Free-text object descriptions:
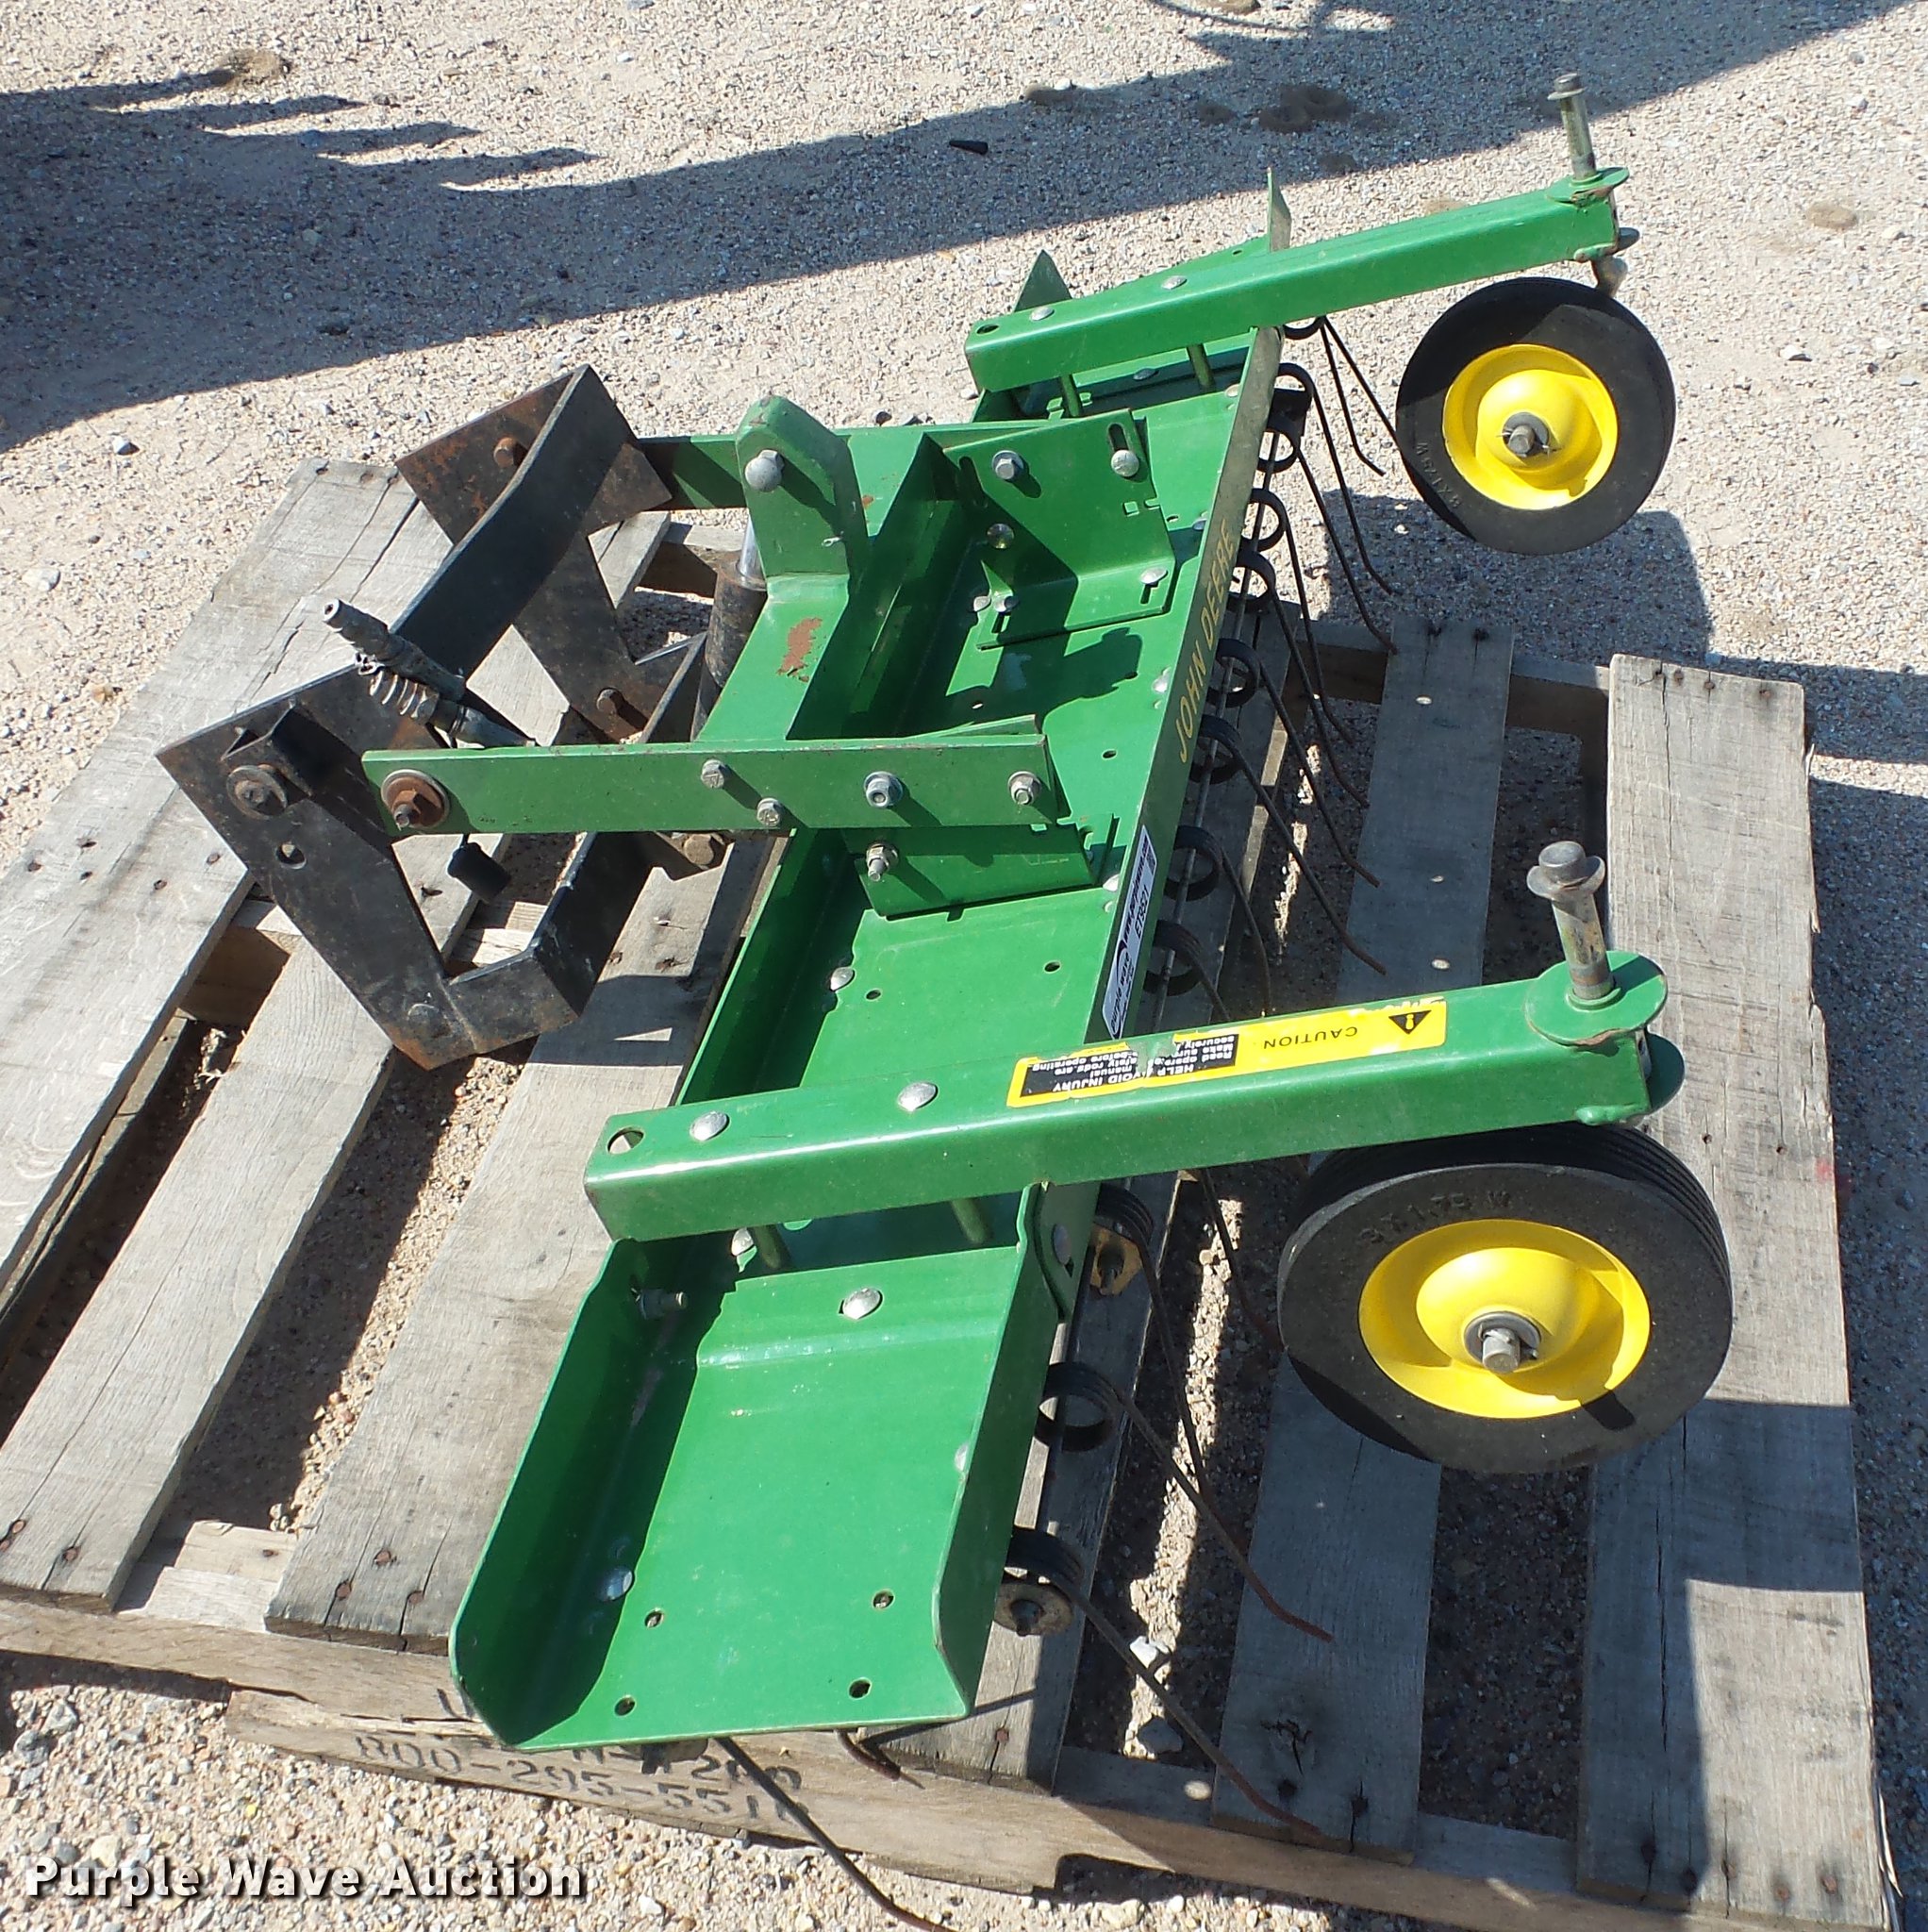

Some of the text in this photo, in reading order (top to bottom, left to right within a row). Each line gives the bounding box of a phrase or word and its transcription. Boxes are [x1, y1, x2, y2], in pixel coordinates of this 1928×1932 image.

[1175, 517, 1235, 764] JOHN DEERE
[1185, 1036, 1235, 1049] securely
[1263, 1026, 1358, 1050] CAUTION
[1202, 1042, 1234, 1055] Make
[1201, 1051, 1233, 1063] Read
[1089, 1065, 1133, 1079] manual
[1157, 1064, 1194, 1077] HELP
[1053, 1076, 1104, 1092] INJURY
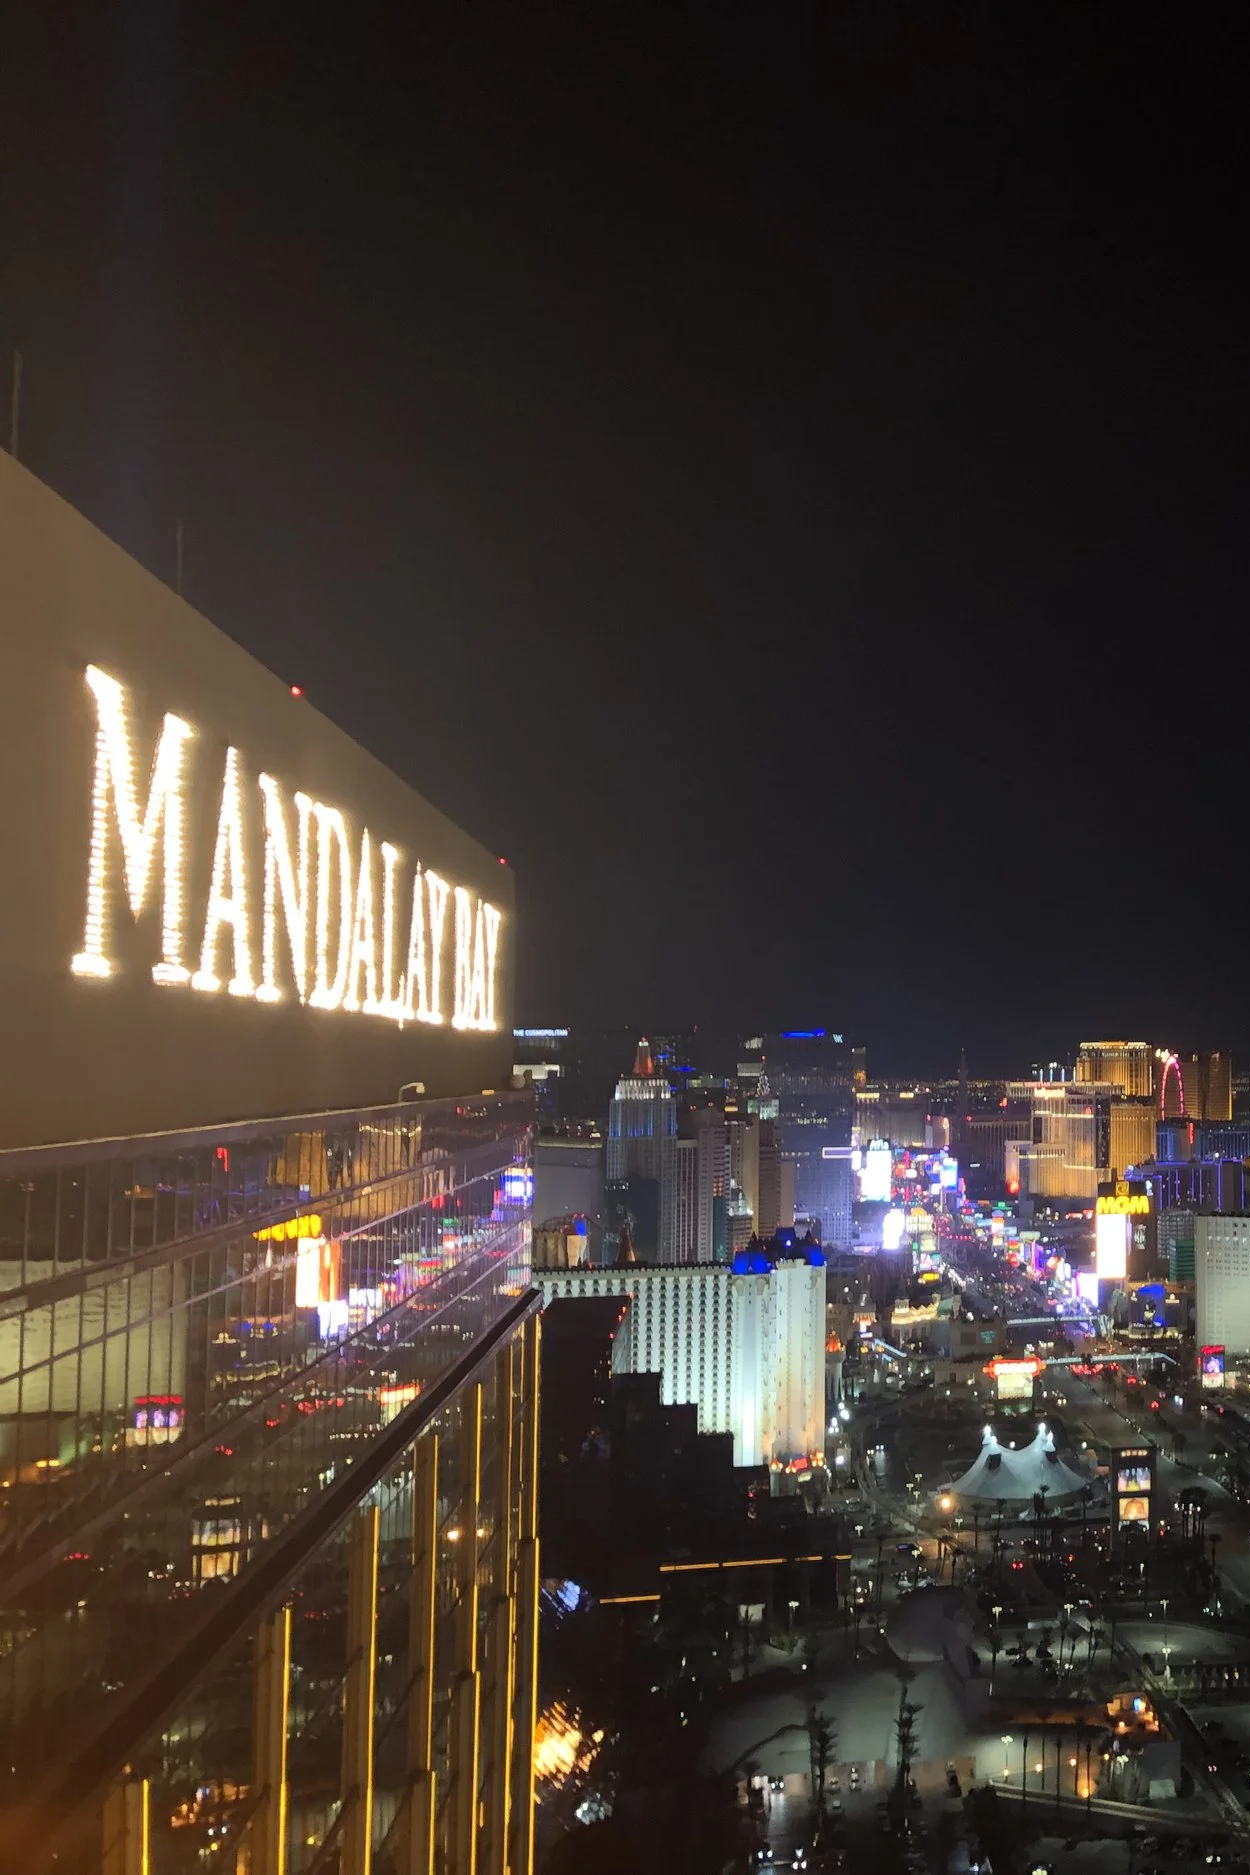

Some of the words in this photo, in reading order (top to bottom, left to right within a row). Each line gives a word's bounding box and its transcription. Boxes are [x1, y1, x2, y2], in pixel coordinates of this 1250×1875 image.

» **Work instructions**
A verbatim copy of all the records, minus the pictures, is the expected answer.

» **Your response**
Some of the text in this photo, in reading order (top to bottom, left to right within a row). Each line gives the bounding box of a phrase or word and its transcription. Boxes are [x1, y1, x2, y2], in pixel coordinates of this 1928×1932 image.

[1175, 517, 1235, 764] JOHN DEERE
[1185, 1036, 1235, 1049] securely
[1263, 1026, 1358, 1050] CAUTION
[1202, 1042, 1234, 1055] Make
[1201, 1051, 1233, 1063] Read
[1089, 1065, 1133, 1079] manual
[1157, 1064, 1194, 1077] HELP
[1053, 1076, 1104, 1092] INJURY

Some of the words in this photo, in reading order (top to bottom, left to right within a row). Each line gives a word's bounding box and its transcription. Boxes are [x1, y1, x2, y2], in pixel coordinates of this 1250×1875 image.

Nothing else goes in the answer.